### Exercise description
Could you restate the entries below word for word and leave the images out?

### Exercise input
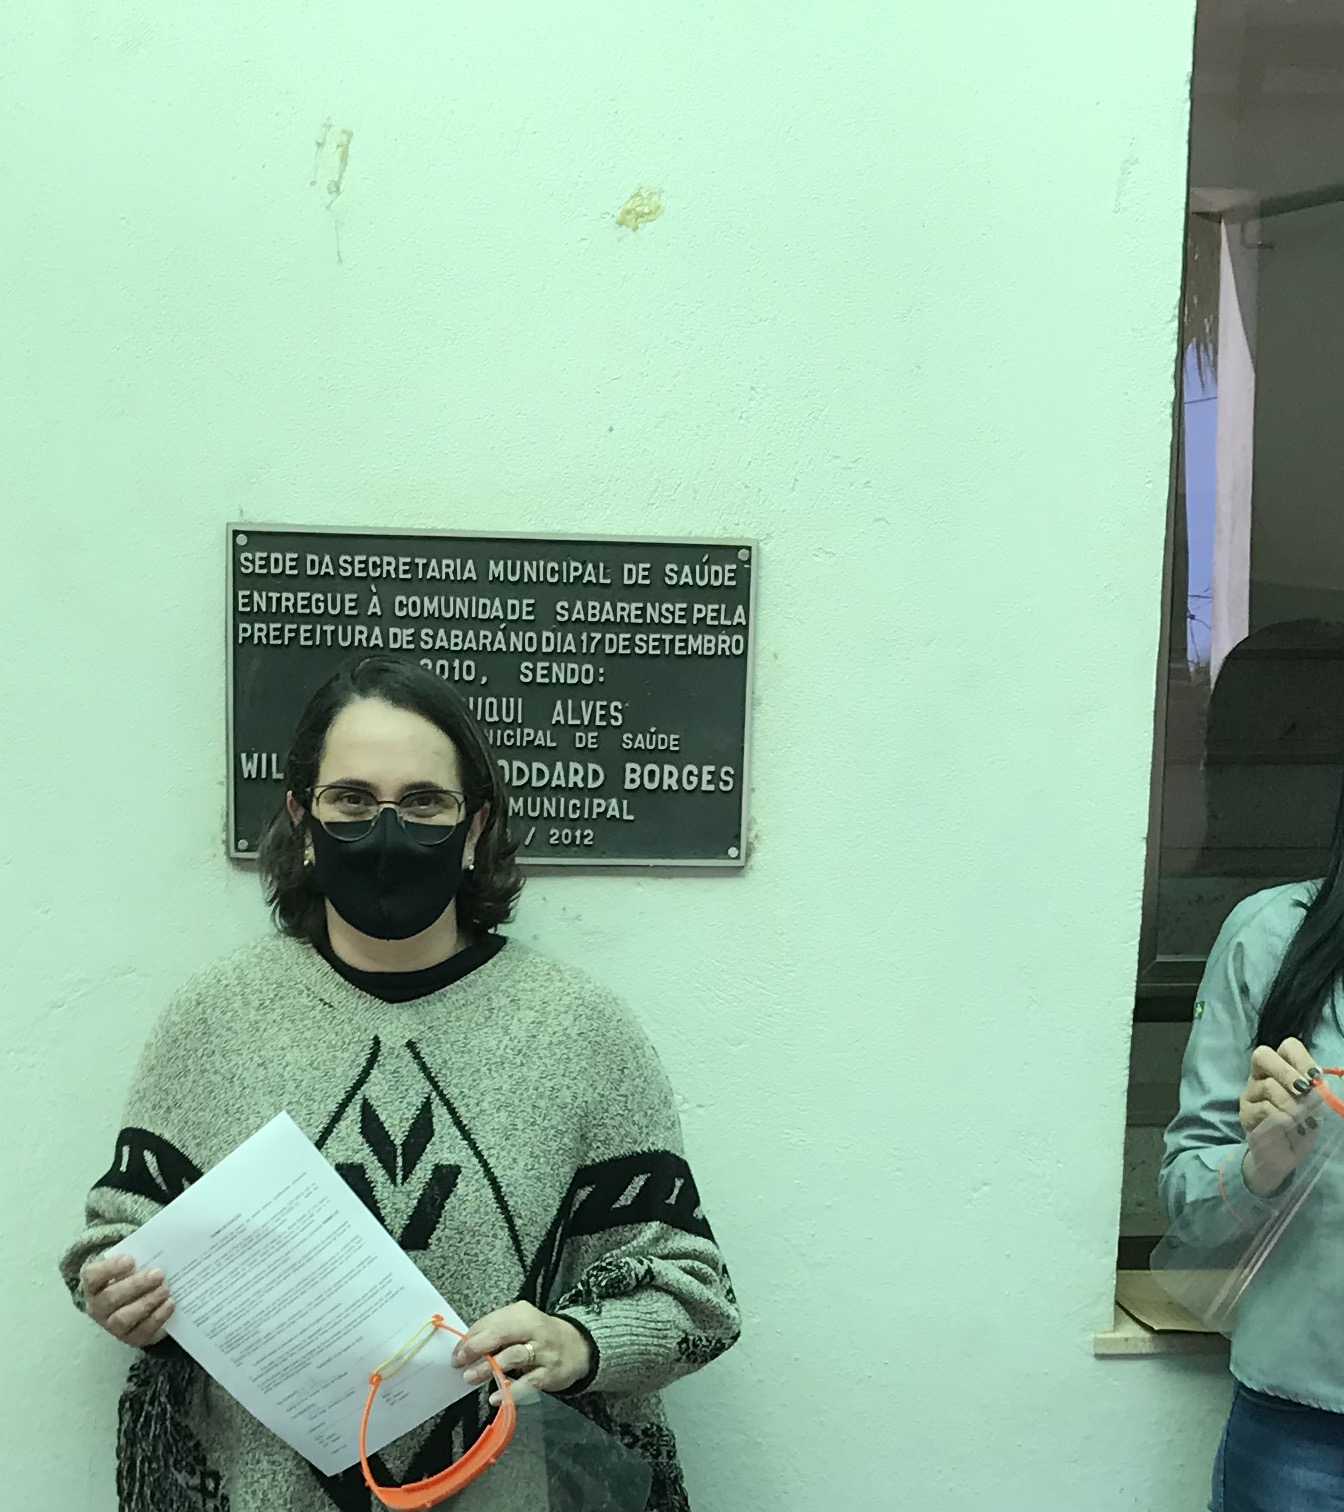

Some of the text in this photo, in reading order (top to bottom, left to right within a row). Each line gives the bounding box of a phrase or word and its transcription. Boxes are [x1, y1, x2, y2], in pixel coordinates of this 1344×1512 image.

[240, 552, 737, 586] SEDE DA SECRETARIA MUNICIPAL DE SAÚDE
[238, 584, 747, 626] ENTREGUE À COMUNIDADE SABARENSE PELA
[238, 622, 745, 656] PREFEITURA DE SABARÁ NO DIA 17 DE SETEMBRO
[519, 661, 605, 685] SENDO:
[469, 696, 623, 727] IQUI ALVES
[484, 727, 680, 751] NICIPAL DE SAÚDE
[240, 752, 735, 792] WIL ODDARD BORGES
[508, 796, 635, 821] MUNICIPAL
[549, 828, 594, 845] 2012
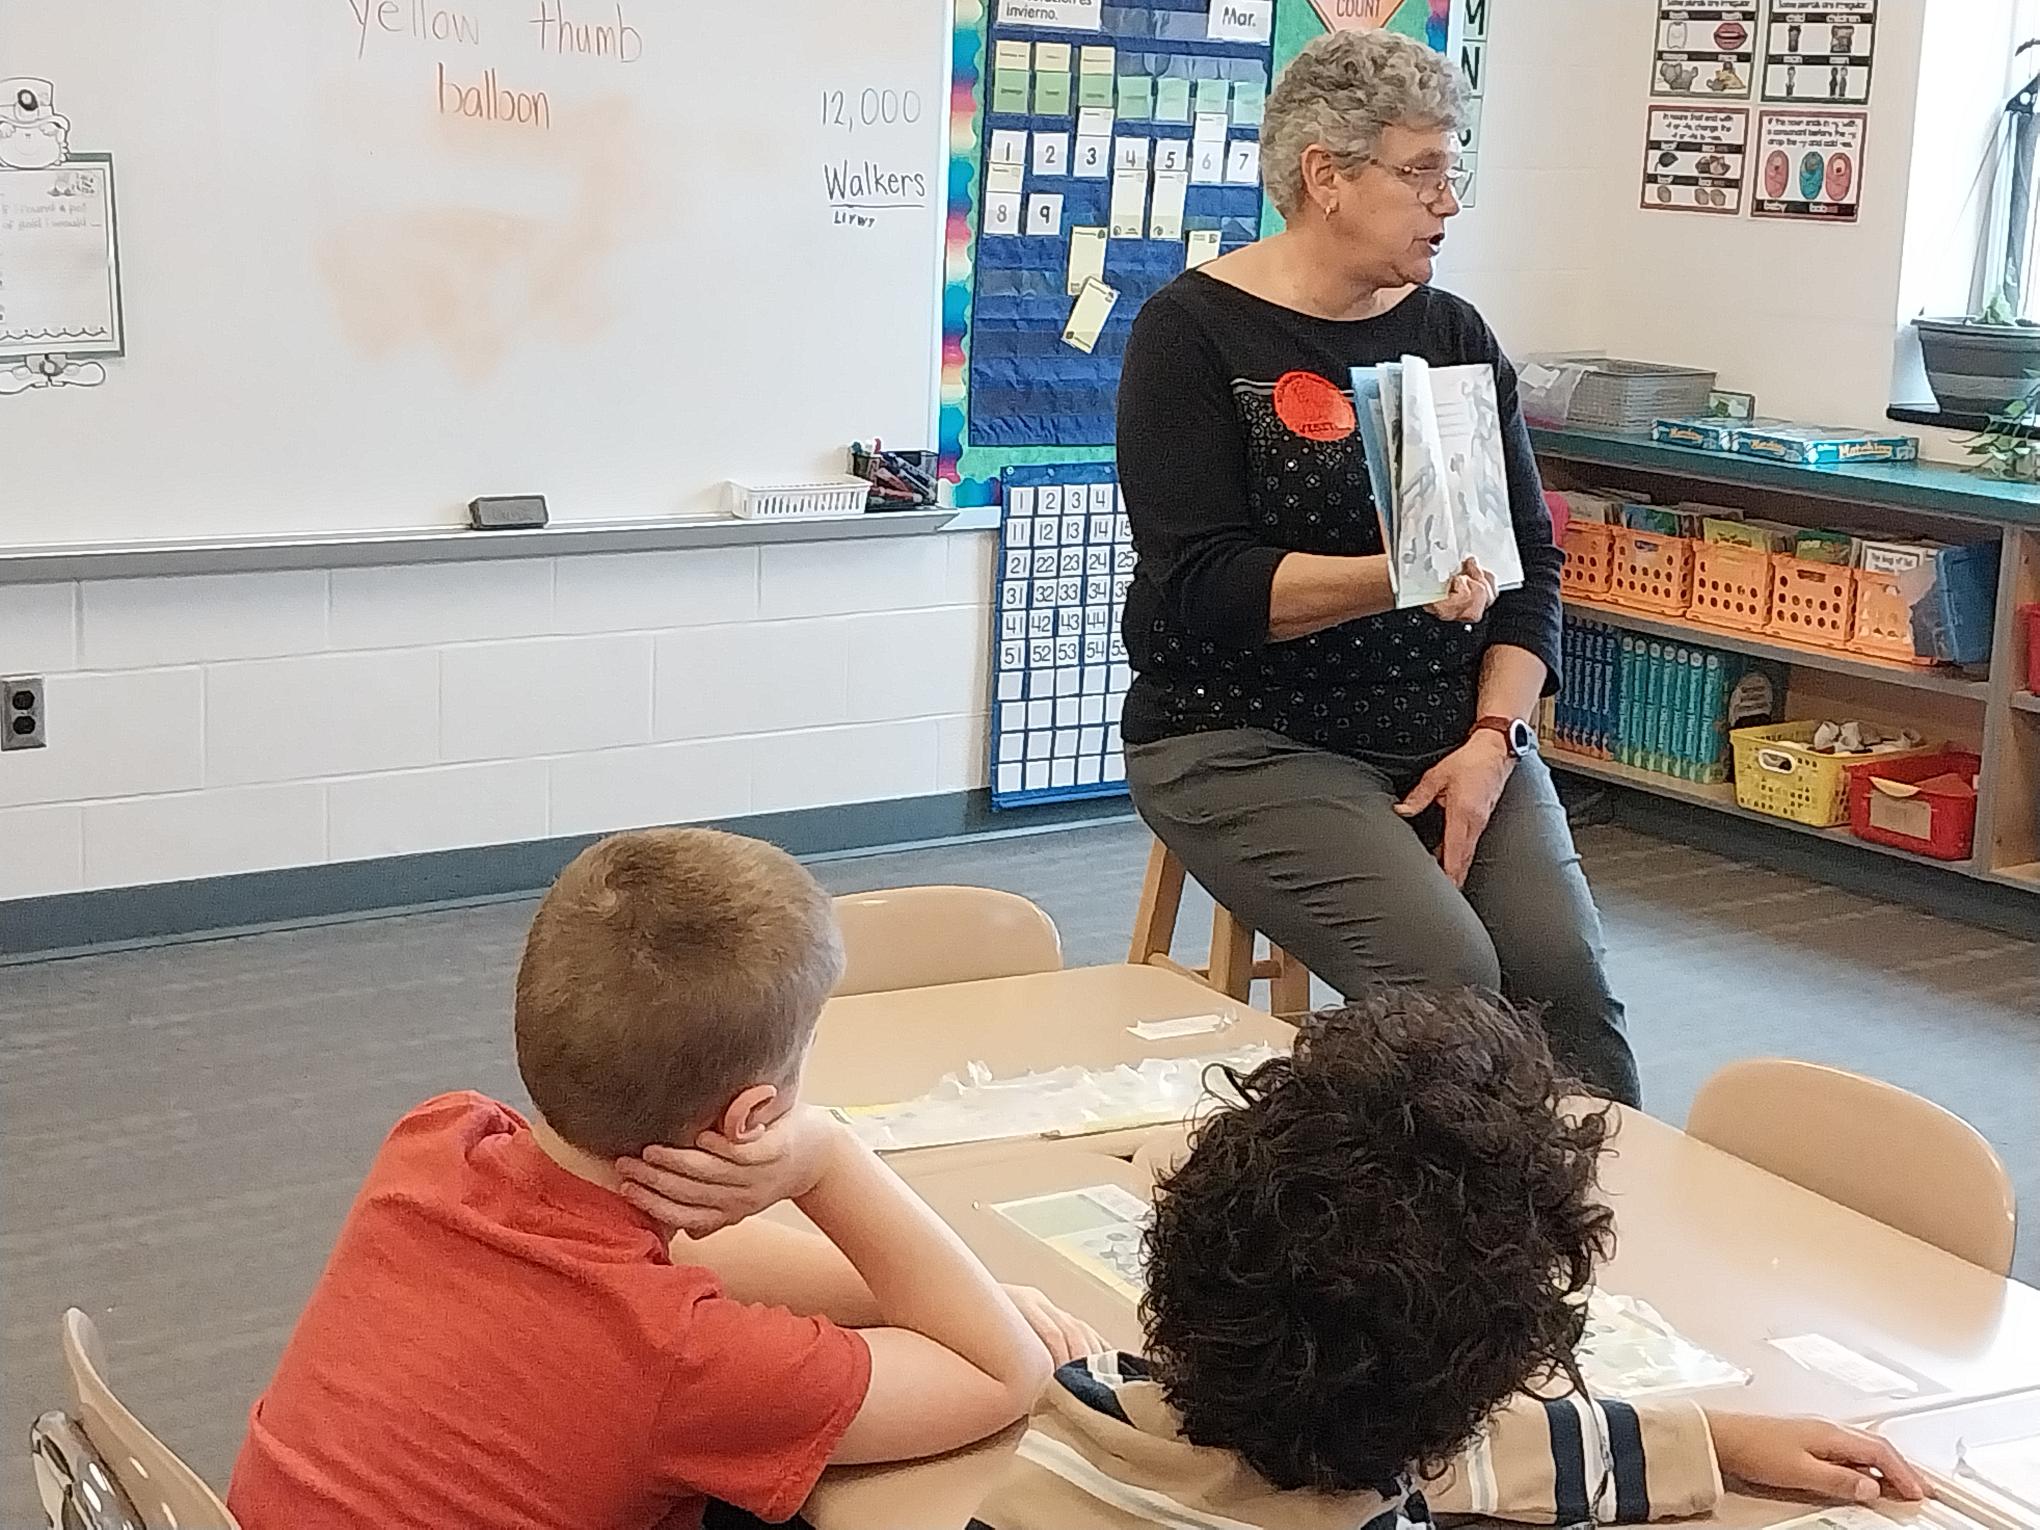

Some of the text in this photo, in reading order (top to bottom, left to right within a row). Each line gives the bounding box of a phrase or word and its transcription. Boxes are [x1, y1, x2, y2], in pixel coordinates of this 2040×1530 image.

[1223, 6, 1256, 27] Mar.
[350, 0, 642, 62] yellow thumb
[1461, 46, 1480, 90] N
[438, 62, 549, 130] balloon
[823, 88, 921, 132] 12,000
[1006, 141, 1249, 170] 1 2 3 4 5 6 7
[824, 159, 925, 200] Walkers
[997, 204, 1051, 224] 8 9
[1045, 492, 1056, 510] 2
[1071, 491, 1081, 509] 3
[1096, 490, 1105, 507] 4
[1013, 523, 1024, 541] 11
[1040, 523, 1053, 541] 12
[1066, 522, 1080, 539] 13
[1094, 520, 1108, 538] 14
[1010, 550, 1135, 574] 21 22 23 24 25
[1006, 587, 1023, 605] 31
[1035, 585, 1054, 603] 32
[1060, 583, 1079, 601] 33
[1088, 581, 1107, 599] 34
[1006, 616, 1023, 634] 41
[1031, 615, 1051, 633] 42
[1061, 613, 1080, 631] 43
[1087, 611, 1106, 629] 44
[1004, 646, 1021, 664] 51
[1032, 645, 1051, 662] 52
[1058, 643, 1077, 660] 53
[1086, 640, 1104, 658] 54

### Your solution
Some of the text in this photo, in reading order (top to bottom, left to right within a row). Each line gives the bounding box of a phrase or word and its transcription. Boxes are [x1, y1, x2, y2], in pixel coordinates of this 1344×1512 image.

[240, 552, 737, 586] SEDE DA SECRETARIA MUNICIPAL DE SAÚDE
[238, 584, 747, 626] ENTREGUE À COMUNIDADE SABARENSE PELA
[238, 622, 745, 656] PREFEITURA DE SABARÁ NO DIA 17 DE SETEMBRO
[519, 661, 605, 685] SENDO:
[469, 696, 623, 727] IQUI ALVES
[484, 727, 680, 751] NICIPAL DE SAÚDE
[240, 752, 735, 792] WIL ODDARD BORGES
[508, 796, 635, 821] MUNICIPAL
[549, 828, 594, 845] 2012

Some of the text in this photo, in reading order (top to bottom, left to right within a row). Each line gives the bounding box of a phrase or word and its transcription. Boxes are [x1, y1, x2, y2], in pixel coordinates of this 2040×1530 image.

[1223, 6, 1256, 27] Mar.
[350, 0, 642, 62] yellow thumb
[1461, 46, 1480, 90] N
[438, 62, 549, 130] balloon
[823, 88, 921, 132] 12,000
[1006, 141, 1249, 170] 1 2 3 4 5 6 7
[824, 159, 925, 200] Walkers
[997, 204, 1051, 224] 8 9
[1045, 492, 1056, 510] 2
[1071, 491, 1081, 509] 3
[1096, 490, 1105, 507] 4
[1013, 523, 1024, 541] 11
[1040, 523, 1053, 541] 12
[1066, 522, 1080, 539] 13
[1094, 520, 1108, 538] 14
[1010, 550, 1135, 574] 21 22 23 24 25
[1006, 587, 1023, 605] 31
[1035, 585, 1054, 603] 32
[1060, 583, 1079, 601] 33
[1088, 581, 1107, 599] 34
[1006, 616, 1023, 634] 41
[1031, 615, 1051, 633] 42
[1061, 613, 1080, 631] 43
[1087, 611, 1106, 629] 44
[1004, 646, 1021, 664] 51
[1032, 645, 1051, 662] 52
[1058, 643, 1077, 660] 53
[1086, 640, 1104, 658] 54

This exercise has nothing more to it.